Are You Marketing Your Venture Effectively?
In my years of consulting I have worked with a wide array of web companies, from the startup to the established, and the common trait amongst them all is that they fear marketing on the web. They are afraid of spending too much money with no return, afraid they will project the wrong image, and afraid that despite all their efforts no one will find them.
It may sound silly, but when you look at the success rate of startup businesses you will realize that these fears are mostly justified. All company owners know they want to market and want to take their product or service to the masses, they just aren’t sure how best to do it. Luckily for them, the basic principles of marketing a new venture are easy and can be effectively done by anyone.
Build the Foundation First
Before looking to drive massive amounts of traffic to your website it is necessary that you build the website itself correctly; throwing up a pre-made Wordpress template will get you nowhere fast. The website’s goals must be defined, followed by proper organization of the content and user experience.
If your primary goal is to have your users sign-up or register you must concisely convey information that shows the visitor why your product or service is useful to them with clear calls to action that direct the user to a simple signup form. If your focus is on ecommerce, making it easier for the user to see, add, and purchase your items becomes the utmost priority while a blog or otherwise content-driven website would best benefit from optimized typography and readability.
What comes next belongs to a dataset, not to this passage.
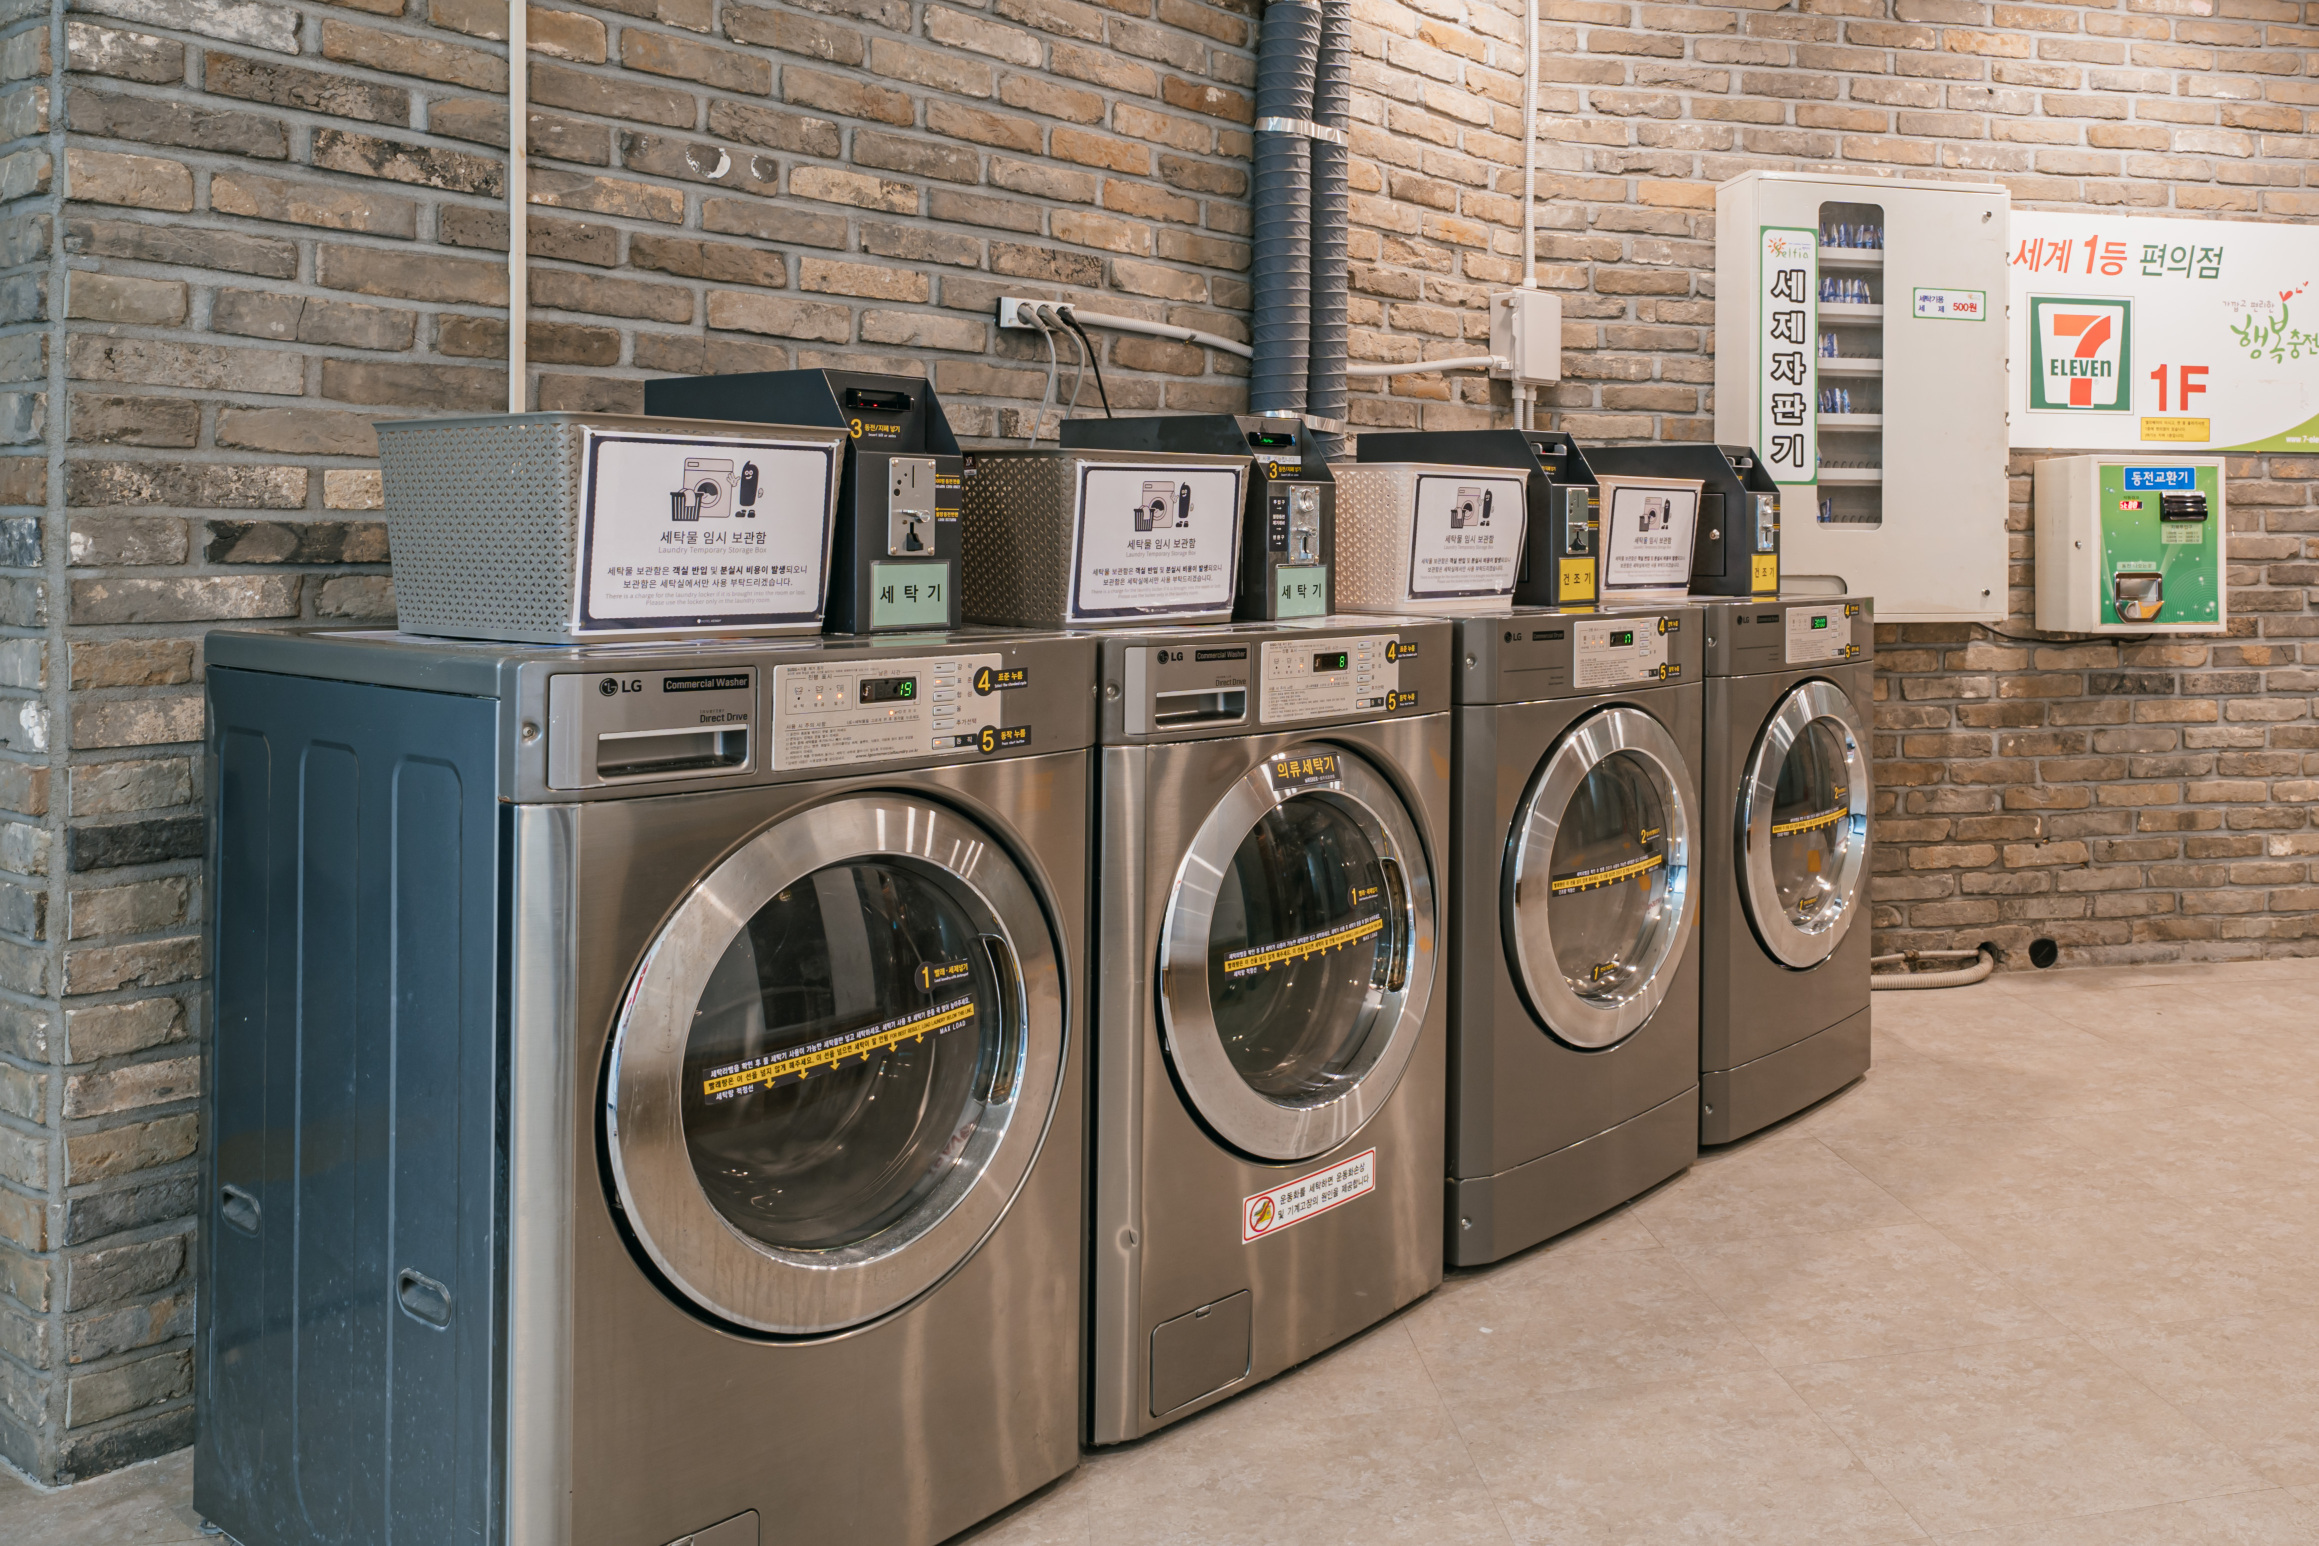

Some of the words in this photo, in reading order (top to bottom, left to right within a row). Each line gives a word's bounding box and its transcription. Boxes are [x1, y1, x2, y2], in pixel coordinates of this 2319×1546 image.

Your venture is unique and your website experience should reflect such.
Do Your Basic Keyword Research and Implement It
By implementing the most effective on-page SEO, search engines are able to properly list your website in their results pages and drive visitors interested in your market to you. Your first step is to read Google’s on-page SEO guide – this teaches the basics of SEO and allows you to comfortably implement a SEO strategy.
Using Google’s Keyword Research Tool, you can look up relevant keywords to your venture’s product, service, and industry. By analyzing interchangeable terms (e.g. “USB drives”, “flash drives”, and “thumb drives”), geographic keyword phrases (e.g. “USB Drives in Denver”) and the number of search queries the terms have had, you can define a series of appropriate keywords and phrases you wish to target. Then, by employing this research you can create keyword themed pages using the Title, Meta Description, Header Tags and Body Text to make those pages relevant for a term in the search engines; however, always remember that users come first and SEO second.
Learn Google Analytics
When running any online marketing campaigns it is essential to track what kind of traffic and conversions you are getting as a result. Take the time (or if you don’t have time, find someone) to properly setup Google Analytics for both your website and your marketing campaigns, then make use of UTM tags to track the ROI. Being able to say, “X campaign is working for us, but Y isn’t” is the single most valuable tool you can have when marketing; this keeps your costs down and your conversion rates up.
Start Engaging
With your website and analytics properly setup, you’re officially ready to start driving traffic. Many ventures’ first thought is, “Let’s do social media! We can brand ourselves and go viral! We’ll be huge!” but this is the wrong approach. In most cases, you do want to implement social media into your marketing campaign, but make sure you understand the following before starting:
- You do not control your brand, your customers do.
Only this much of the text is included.